§ WHAT TO PRODUCE
Transcribe each record word for word. Skip the images.

== == ==

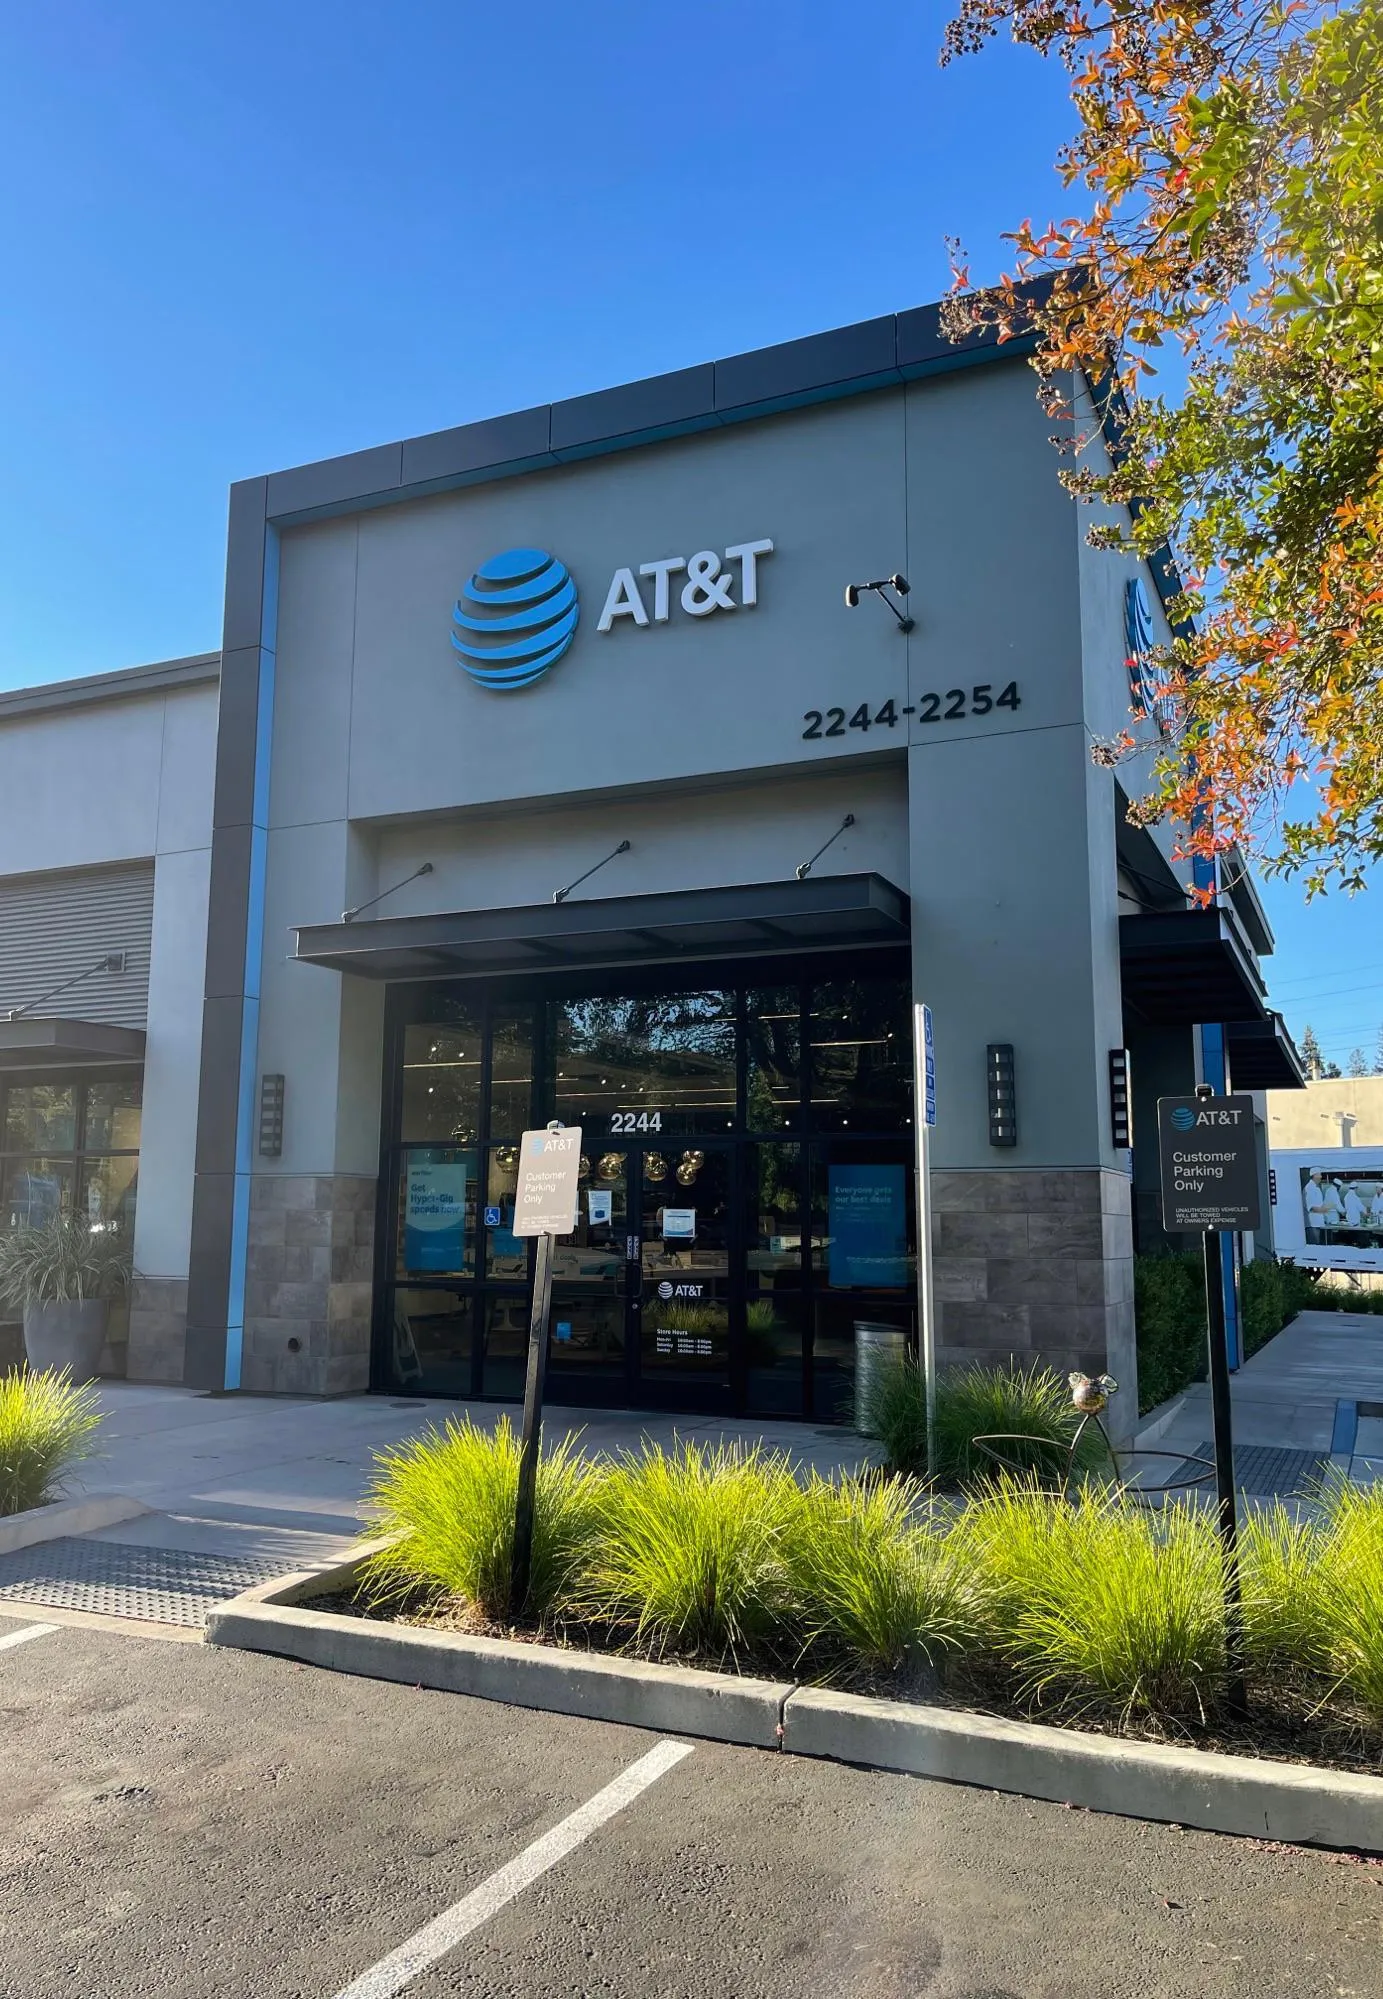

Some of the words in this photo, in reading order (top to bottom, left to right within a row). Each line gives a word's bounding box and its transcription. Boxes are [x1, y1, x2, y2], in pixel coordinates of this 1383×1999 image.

[597, 538, 774, 632] AT&T
[802, 682, 1021, 739] 2244-2254
[611, 1111, 662, 1132] 2244
[1196, 1110, 1242, 1126] AT&T
[544, 1138, 574, 1152] AT&T
[1173, 1151, 1237, 1163] Customer
[526, 1171, 567, 1182] Customer
[1174, 1165, 1223, 1178] Parking
[411, 1184, 426, 1192] Get
[525, 1182, 556, 1193] Parking
[835, 1186, 873, 1196] Everyone
[1174, 1180, 1204, 1193] Only
[523, 1194, 543, 1205] Only
[410, 1205, 440, 1216] speeds
[675, 1285, 703, 1297] AT&T

== == ==

§ TASK RESULT
Some of the words in this photo, in reading order (top to bottom, left to right within a row). Each line gives a word's bounding box and its transcription. Boxes are [x1, y1, x2, y2], in pixel coordinates of this 1383×1999 image.

[597, 538, 774, 632] AT&T
[802, 682, 1021, 739] 2244-2254
[611, 1111, 662, 1132] 2244
[1196, 1110, 1242, 1126] AT&T
[544, 1138, 574, 1152] AT&T
[1173, 1151, 1237, 1163] Customer
[526, 1171, 567, 1182] Customer
[1174, 1165, 1223, 1178] Parking
[411, 1184, 426, 1192] Get
[525, 1182, 556, 1193] Parking
[835, 1186, 873, 1196] Everyone
[1174, 1180, 1204, 1193] Only
[523, 1194, 543, 1205] Only
[410, 1205, 440, 1216] speeds
[675, 1285, 703, 1297] AT&T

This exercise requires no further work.